What is Standard Engineering Technology Ltd share price analysis?
Standard Engineering Technology Ltd currently shows a neutral. The stock trades at a P/E of 37.0 with a market cap of ₹2,791. Investors should review the full earnings analysis for detailed insights.
Is Standard Engineering Technology Ltd planning capital expenditure?
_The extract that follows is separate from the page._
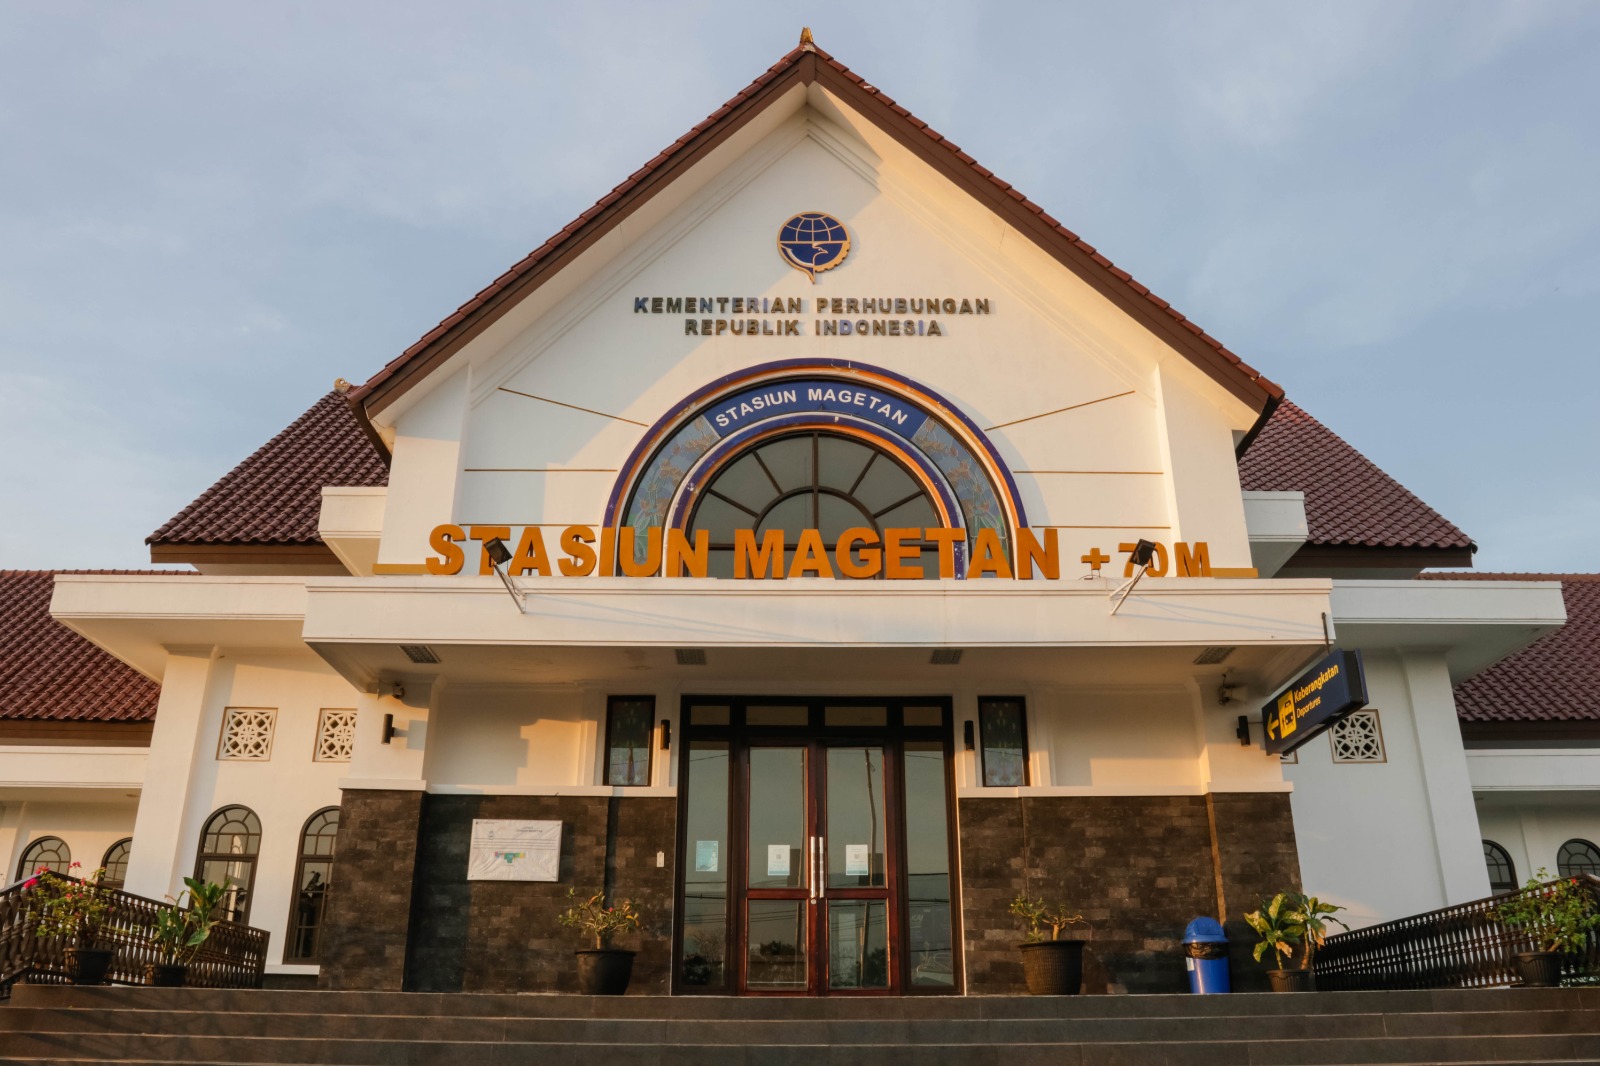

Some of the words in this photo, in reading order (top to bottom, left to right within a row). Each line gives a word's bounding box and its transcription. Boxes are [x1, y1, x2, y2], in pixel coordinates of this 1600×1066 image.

- Standard Glass Lining Technology Limited is investing INR40-50 crores over the next 1 to 1.5 years to mechanize and automate existing manufacturing facilities, including adding robots and upgrading processes. - A new greenfield project is underway with planned capital expenditure of INR150-180 crores for a heavy engineering facility featuring 100 mm fabrication thickness and 110-ton crane capacity, expected to be completed in 15-18 months. - The company is expanding capacity for shell and tube glass lining heat exchangers to produce up to 300 units monthly starting January 2026, to drive growth. - Additional investments are planned to increase manufacturing capacity threefold, including automation, polishing, welding improvements, and new facility modifications. - No major capex planned for the U.S.
This analysis is AI-generated based on publicly available earnings data and concall transcripts. This is not investment advice. Please consult a SEBI-registered advisor before making investment decisions.